We next used a permutation test to more rigorously determine whether the observed enrichment of potentially directionally evolving sites in epitopes could be accounted for by chance. In this test, the HIV-1 infection status of M. tuberculosis sequences were randomly reassigned to produce 100 permuted data sets each of which were reanalyzed with MEDS. None of these 100 permuted data sets yielded evidence of as many directionally evolving sites in epitopes as were found in the real data set: a result equivalent to a permutation P value <0.01 that HIV-1 infection status, when randomly assigned to sequences, was not influenced by directional selection in epitope sequences (supplementary table 3, Supplementary Material online).
Discussion
This study applied WGS and codon-site molecular evolution models to investigate the potential influence of HIV-1 coinfection on the diversity and evolution of M. tuberculosis strains in Khayelitsha, South Africa; a setting with elevated rates of HIV-1-associated TB (Cox et al. 2014). To investigate the evolution of M. tuberculosis strains in this setting, two approaches were taken. The first was to apply the FUBAR method to evaluate patterns of positive and negative selection at individual codon sites within the M. tuberculosis genome without considering differential evolution of M. tuberculosis in HIV-1 coinfected individuals. The second was to apply the MEDS method to detect episodic directional selection that may be influenced by HIV-1 coinfection.

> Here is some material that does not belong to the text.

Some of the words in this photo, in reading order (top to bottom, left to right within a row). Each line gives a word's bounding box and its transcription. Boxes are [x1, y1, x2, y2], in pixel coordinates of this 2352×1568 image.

Some studies (Rocha et al. 2006; Kryazhimskiy and Plotkin 2008; Mugal et al. 2014) have suggested that when analyzing sequences that are too closely related, dN/dS estimates may not accurately reflect degrees of natural selection acting upon the sequences. The FUBAR analysis provides evidence that sufficient time has passed since the most recent common ancestor of the sequences analyzed for selection to have left a detectable imprint. Specifically, this legitimacy of using the FUBAR approach is supported by the fact that it enabled 1) the detection of almost all of the same positively evolving M. tuberculosis codon sites that were identified in another study applying similar codon-model based approaches (Osório et al. 2013), and 2) the identification of some drug resistance associated SNPs as evolving under positive selection.
An advantage of using FUBAR to detect the action of natural selection is that it simultaneously quantifies magnitude of both positive and negative selection at individual codon sites. Among the codon sites that contained SNPs in the analyzed M. tuberculosis genomes, 99.47% were detectably evolving under negative selection (n = 23,763) while only 0.52% were detectably evolving under positive selection (n = 125) (fig. 2), which is in line with findings previously reported in other studies (Pepperell et al. 2013).

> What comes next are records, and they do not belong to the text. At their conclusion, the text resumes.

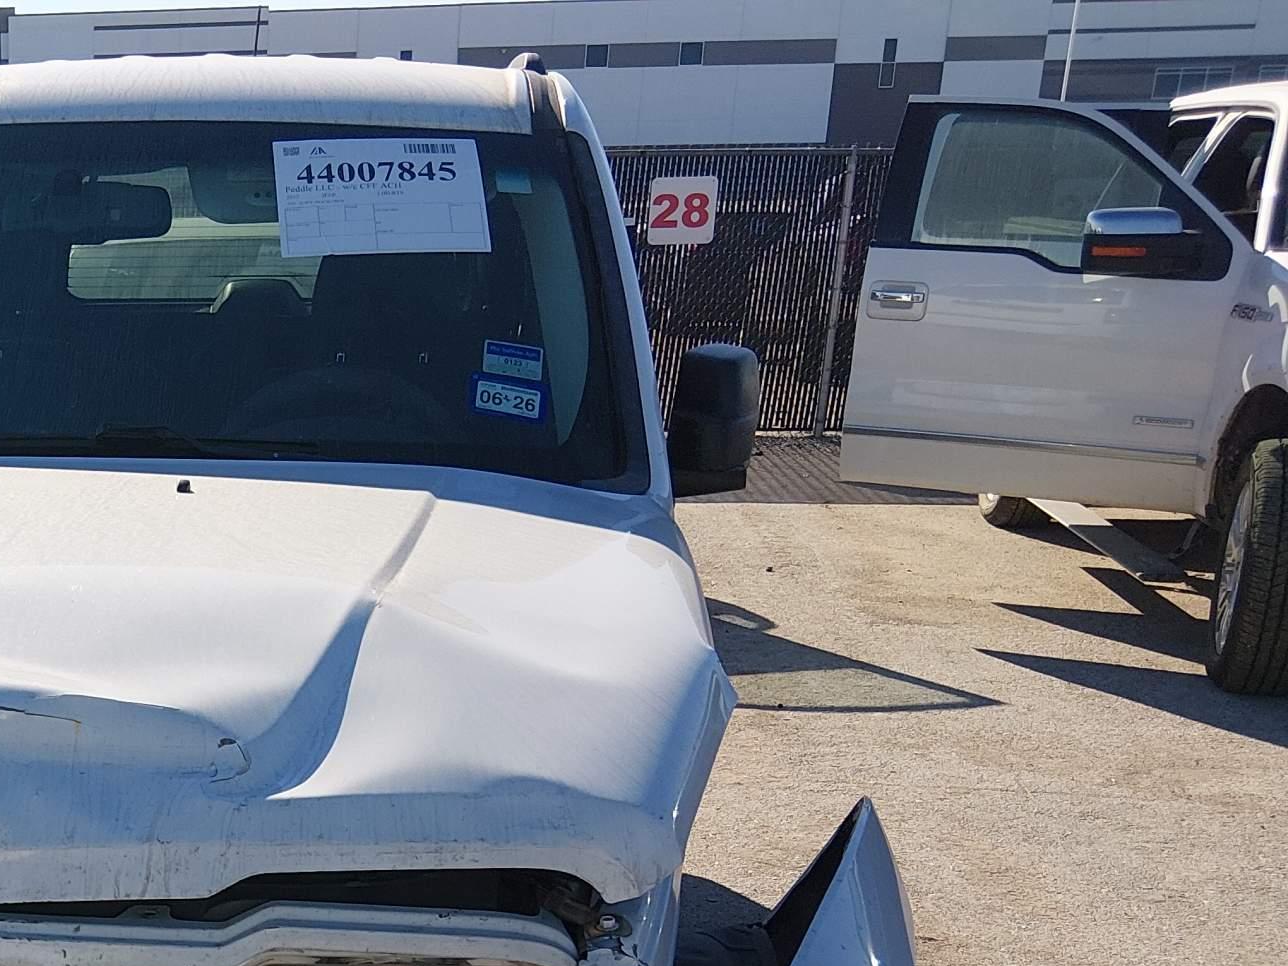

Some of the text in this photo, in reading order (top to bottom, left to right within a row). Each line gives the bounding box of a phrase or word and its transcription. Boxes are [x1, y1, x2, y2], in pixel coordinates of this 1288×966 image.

[297, 161, 457, 184] 44007845
[285, 183, 313, 194] Peddle
[315, 182, 336, 192] LLC
[650, 192, 710, 229] 28
[479, 389, 503, 406] 06
[512, 395, 536, 413] 26

A key aim of our study was to determine if HIV-1 coinfection, which represents a relatively recent addition to the adaptive landscape upon which M. tuberculosis evolves (Warner et al. 2015), has had a detectable influence on M. tuberculosis evolution. To do this, each SNP containing codon site was evaluated using the MEDS method to determine whether selection pressures acting on these codon sites could differ between HIV-1 coinfected and HIV-1 uninfected individuals (Murrell et al. 2012). In a recent study, Eldholm et al. (2016) investigated the impact of HIV on the transmission and development of drug resistance in M. tuberculosis (Eldholm et al. 2016). The results of that study suggest that HIV has little impact on the transmission of M. tuberculosis, and that drug resistance does not develop faster in patients coinfected with HIV. However, our study is the first to conduct a genome-wide site-by-site investigation of the impact of HIV-1 on natural selection in M. tuberculosis.

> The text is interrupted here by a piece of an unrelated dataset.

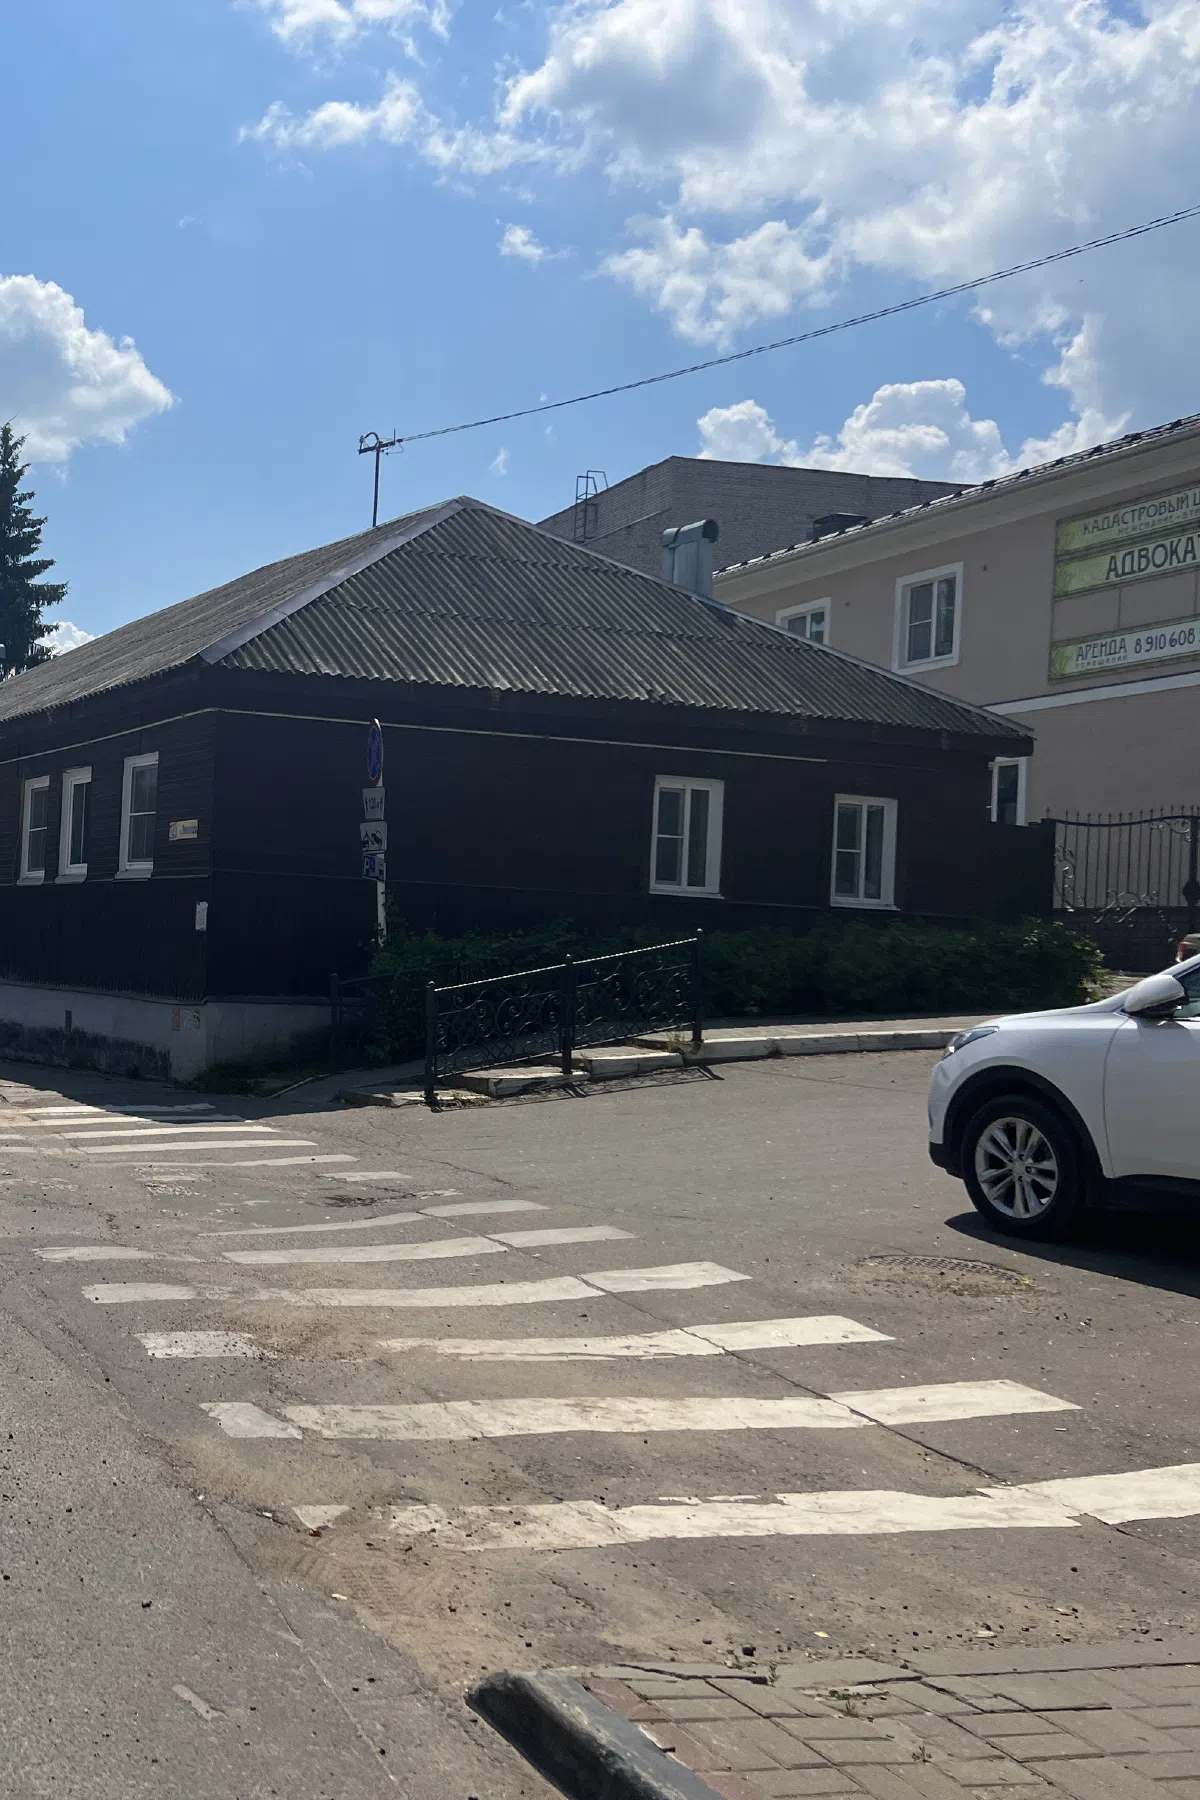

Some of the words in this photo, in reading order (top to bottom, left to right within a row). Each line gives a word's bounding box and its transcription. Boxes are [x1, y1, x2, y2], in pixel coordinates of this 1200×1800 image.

[1083, 493, 1189, 535] КАДАСТРОВЫЙ
[1105, 533, 1200, 581] АДВОКА
[1076, 637, 1127, 662] АРЕНДА

The first of three codons with associated Bonferroni corrected MEDS P values indicative of HIV-1 influenced directional selection (table 4) occurs in celA2b, a nonessential gene which encodes a functional endoglucanase (Medie et al. 2011). The second occurred in katG, which encodes a catalase-peroxidase enzyme that is important for M. tuberculosis virulence and is known for its association with INH resistance (Pym et al. 2002; Yu et al. 2003; Wengenack et al. 2004), also had significant evidence of HIV-1 influenced directional selection. The third codon occurred in cyp138, a cytochrome P450 encoding gene (Hudson et al. 2012).
The biological significance of these codons during M. tuberculosis/HIV-1 coinfection was not obvious, therefore we determined whether there were either direct or indirect known functional interactions between the proteins encoded by these genes and human proteins that are known to interact with HIV-1 proteins (fig. 4). Both CelA2b and KatG are involved in an interaction pathway that, via SodB and ultimately GroEL1, leads to DC-SIGN, an important receptor for both HIV-1 and M. tuberculosis on DC (van Kooyk et al. 2003). Although these interactions may begin to explain why these M. tuberculosis sites display evidence of directional selection influenced by HIV-1 coinfection, these findings would benefit further investigation in experimental systems.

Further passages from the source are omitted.